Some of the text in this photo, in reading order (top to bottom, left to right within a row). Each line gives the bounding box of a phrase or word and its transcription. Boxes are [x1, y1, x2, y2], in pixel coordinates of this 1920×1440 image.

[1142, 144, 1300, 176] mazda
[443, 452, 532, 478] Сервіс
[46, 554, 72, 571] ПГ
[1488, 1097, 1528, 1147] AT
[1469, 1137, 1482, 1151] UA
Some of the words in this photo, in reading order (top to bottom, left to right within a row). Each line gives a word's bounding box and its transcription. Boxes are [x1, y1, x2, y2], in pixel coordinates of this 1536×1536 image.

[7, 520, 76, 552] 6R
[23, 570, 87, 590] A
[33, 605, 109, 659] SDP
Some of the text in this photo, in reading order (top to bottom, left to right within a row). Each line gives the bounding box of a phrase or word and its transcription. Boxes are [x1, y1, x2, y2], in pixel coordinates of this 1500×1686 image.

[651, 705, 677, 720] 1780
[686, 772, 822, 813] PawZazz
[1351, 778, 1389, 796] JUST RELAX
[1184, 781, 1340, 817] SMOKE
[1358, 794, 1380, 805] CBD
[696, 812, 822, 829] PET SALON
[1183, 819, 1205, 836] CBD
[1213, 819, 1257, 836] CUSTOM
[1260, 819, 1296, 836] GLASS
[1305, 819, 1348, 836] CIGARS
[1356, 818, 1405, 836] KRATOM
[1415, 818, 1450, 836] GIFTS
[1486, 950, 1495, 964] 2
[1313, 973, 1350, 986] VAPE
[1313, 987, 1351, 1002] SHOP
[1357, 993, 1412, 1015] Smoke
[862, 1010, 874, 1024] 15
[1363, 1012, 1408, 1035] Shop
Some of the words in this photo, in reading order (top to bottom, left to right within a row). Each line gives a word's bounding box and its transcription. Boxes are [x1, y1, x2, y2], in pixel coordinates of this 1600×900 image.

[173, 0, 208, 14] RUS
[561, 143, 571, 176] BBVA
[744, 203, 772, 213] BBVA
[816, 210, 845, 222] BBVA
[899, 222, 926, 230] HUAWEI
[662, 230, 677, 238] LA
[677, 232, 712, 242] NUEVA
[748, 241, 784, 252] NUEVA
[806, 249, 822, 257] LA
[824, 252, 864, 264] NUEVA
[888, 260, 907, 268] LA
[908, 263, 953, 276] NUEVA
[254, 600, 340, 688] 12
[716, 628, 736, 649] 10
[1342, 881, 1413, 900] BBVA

* Task details
The material above must be returned in full, exactly as written.

* Answer
Some of the text in this photo, in reading order (top to bottom, left to right within a row). Each line gives the bounding box of a phrase or word and its transcription. Boxes are [x1, y1, x2, y2], in pixel coordinates of this 1920×1440 image.

[1142, 144, 1300, 176] mazda
[443, 452, 532, 478] Сервіс
[46, 554, 72, 571] ПГ
[1488, 1097, 1528, 1147] AT
[1469, 1137, 1482, 1151] UA
Some of the words in this photo, in reading order (top to bottom, left to right within a row). Each line gives a word's bounding box and its transcription. Boxes are [x1, y1, x2, y2], in pixel coordinates of this 1536×1536 image.

[7, 520, 76, 552] 6R
[23, 570, 87, 590] A
[33, 605, 109, 659] SDP
Some of the text in this photo, in reading order (top to bottom, left to right within a row). Each line gives the bounding box of a phrase or word and its transcription. Boxes are [x1, y1, x2, y2], in pixel coordinates of this 1500×1686 image.

[651, 705, 677, 720] 1780
[686, 772, 822, 813] PawZazz
[1351, 778, 1389, 796] JUST RELAX
[1184, 781, 1340, 817] SMOKE
[1358, 794, 1380, 805] CBD
[696, 812, 822, 829] PET SALON
[1183, 819, 1205, 836] CBD
[1213, 819, 1257, 836] CUSTOM
[1260, 819, 1296, 836] GLASS
[1305, 819, 1348, 836] CIGARS
[1356, 818, 1405, 836] KRATOM
[1415, 818, 1450, 836] GIFTS
[1486, 950, 1495, 964] 2
[1313, 973, 1350, 986] VAPE
[1313, 987, 1351, 1002] SHOP
[1357, 993, 1412, 1015] Smoke
[862, 1010, 874, 1024] 15
[1363, 1012, 1408, 1035] Shop
Some of the words in this photo, in reading order (top to bottom, left to right within a row). Each line gives a word's bounding box and its transcription. Boxes are [x1, y1, x2, y2], in pixel coordinates of this 1600×900 image.

[173, 0, 208, 14] RUS
[561, 143, 571, 176] BBVA
[744, 203, 772, 213] BBVA
[816, 210, 845, 222] BBVA
[899, 222, 926, 230] HUAWEI
[662, 230, 677, 238] LA
[677, 232, 712, 242] NUEVA
[748, 241, 784, 252] NUEVA
[806, 249, 822, 257] LA
[824, 252, 864, 264] NUEVA
[888, 260, 907, 268] LA
[908, 263, 953, 276] NUEVA
[254, 600, 340, 688] 12
[716, 628, 736, 649] 10
[1342, 881, 1413, 900] BBVA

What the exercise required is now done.